Member of the Queensland Legislative Assembly for Buranda
- In office 27 April 1912 – 31 July 1924
- Preceded by: New seat
- Succeeded by: Ted Hanson

Personal details
- Born: Samuel John Chapman Huxham 14 May 1861 Ivybridge, Devon, England
- Died: 4 August 1949 (aged 88) Brisbane, Queensland, Australia
- Resting place: South Brisbane Cemetery
- Party: Labor
- Spouse(s): Eliza Jane Bubb (m.1884 d.1896), Helen Julia Meiklejohn (née Dougherty) (m.1897 d.1924)
- Occupation: Accountant

= John Huxham (politician) =

Australian politician

John Saunders Huxham (14 May 1861 – 4 August 1949) was an accountant and a member of the Queensland Legislative Assembly.

==Early life==
Huxham was born in Ivybridge, Devon, to parents Simon Huxham, a labourer, and his wife Agnes (née Chapman).
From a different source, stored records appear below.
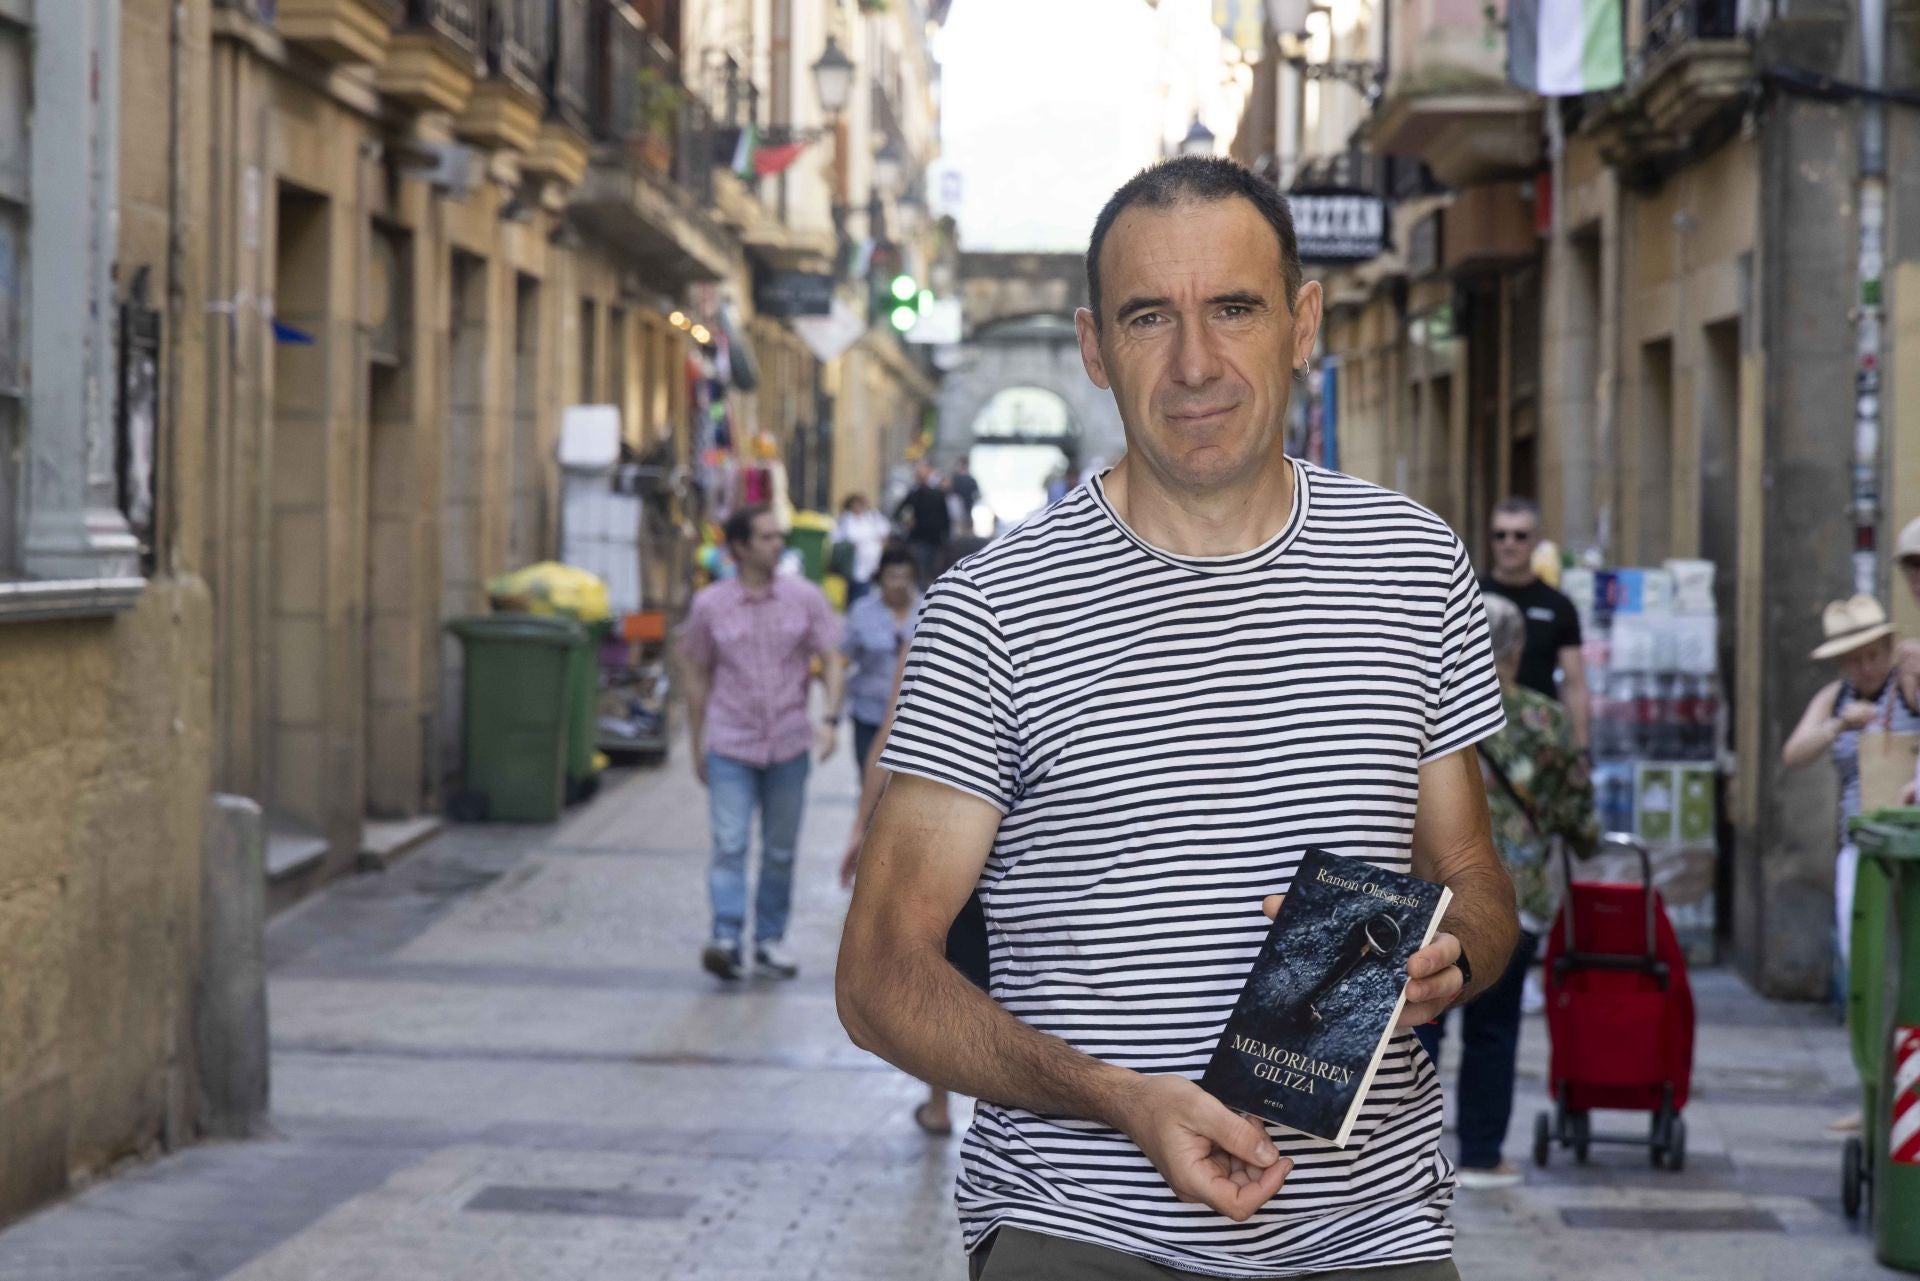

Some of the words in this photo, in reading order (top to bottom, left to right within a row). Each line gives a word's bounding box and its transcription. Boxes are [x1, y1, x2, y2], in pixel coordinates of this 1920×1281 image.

[1316, 868, 1360, 891] Ramon
[1362, 882, 1420, 908] Olasagasti
[1230, 1034, 1355, 1085] MEMORIAREN
[1253, 1062, 1315, 1094] GILTZA
[1263, 1098, 1284, 1110] erein
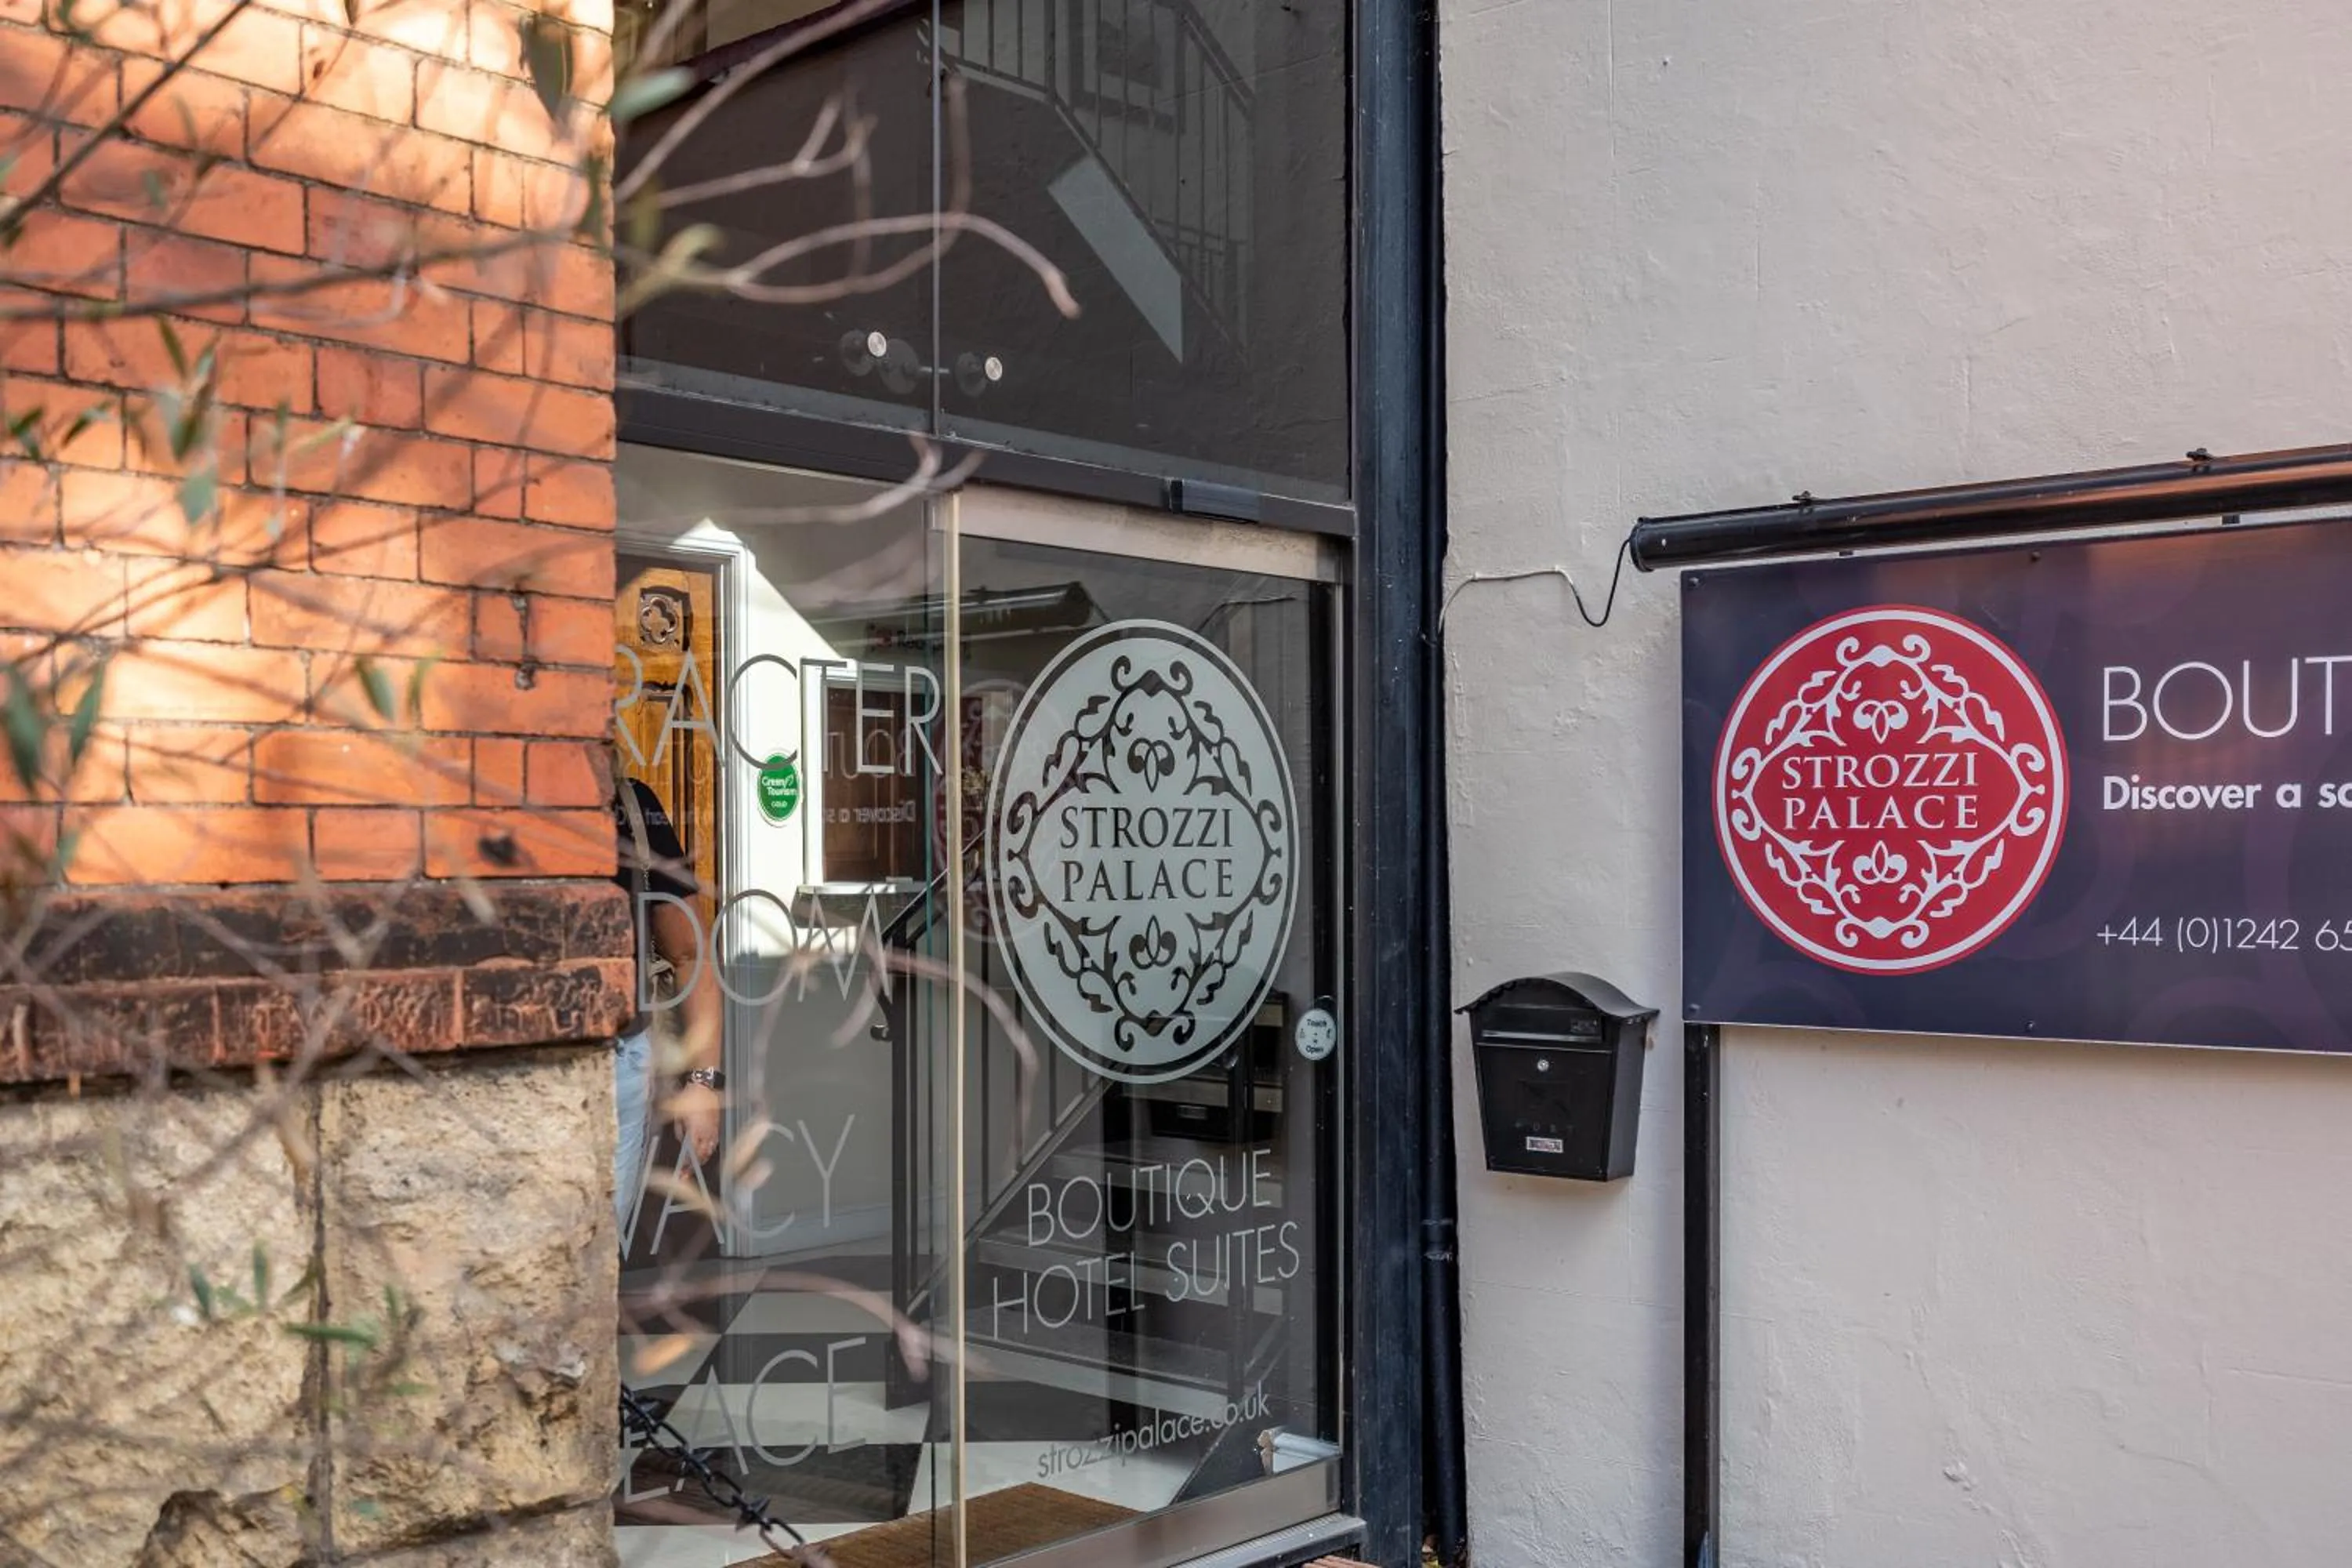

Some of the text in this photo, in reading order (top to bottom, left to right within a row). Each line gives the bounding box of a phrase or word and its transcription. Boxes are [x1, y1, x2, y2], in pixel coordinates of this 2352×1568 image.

[2103, 655, 2352, 741] BOUT
[1782, 752, 1979, 789] STROZZI
[2103, 774, 2262, 810] Discover
[2276, 783, 2302, 809] a
[1060, 806, 1233, 848] STROZZI
[1782, 794, 1979, 829] PALACE
[1062, 858, 1233, 902] PALACE
[2096, 916, 2163, 946] +44
[2177, 916, 2300, 954] (0)1242
[1027, 1148, 1272, 1247] BOUTIQUE
[993, 1221, 1301, 1341] HOTEL SUITES
[1038, 1380, 1271, 1479] strozzipalace.co.uk
He was born Samuel John Chapman Huxham but changed his name to John Saunders Huxham later in life. Educated in London and beforehand at Ivybridge Dame School, which he later described as "harsh and desolate" where punishment consisted of "confinement in a dark cellar", he left school at age 12 to become a merchant seaman, which on occasions took him to Australia.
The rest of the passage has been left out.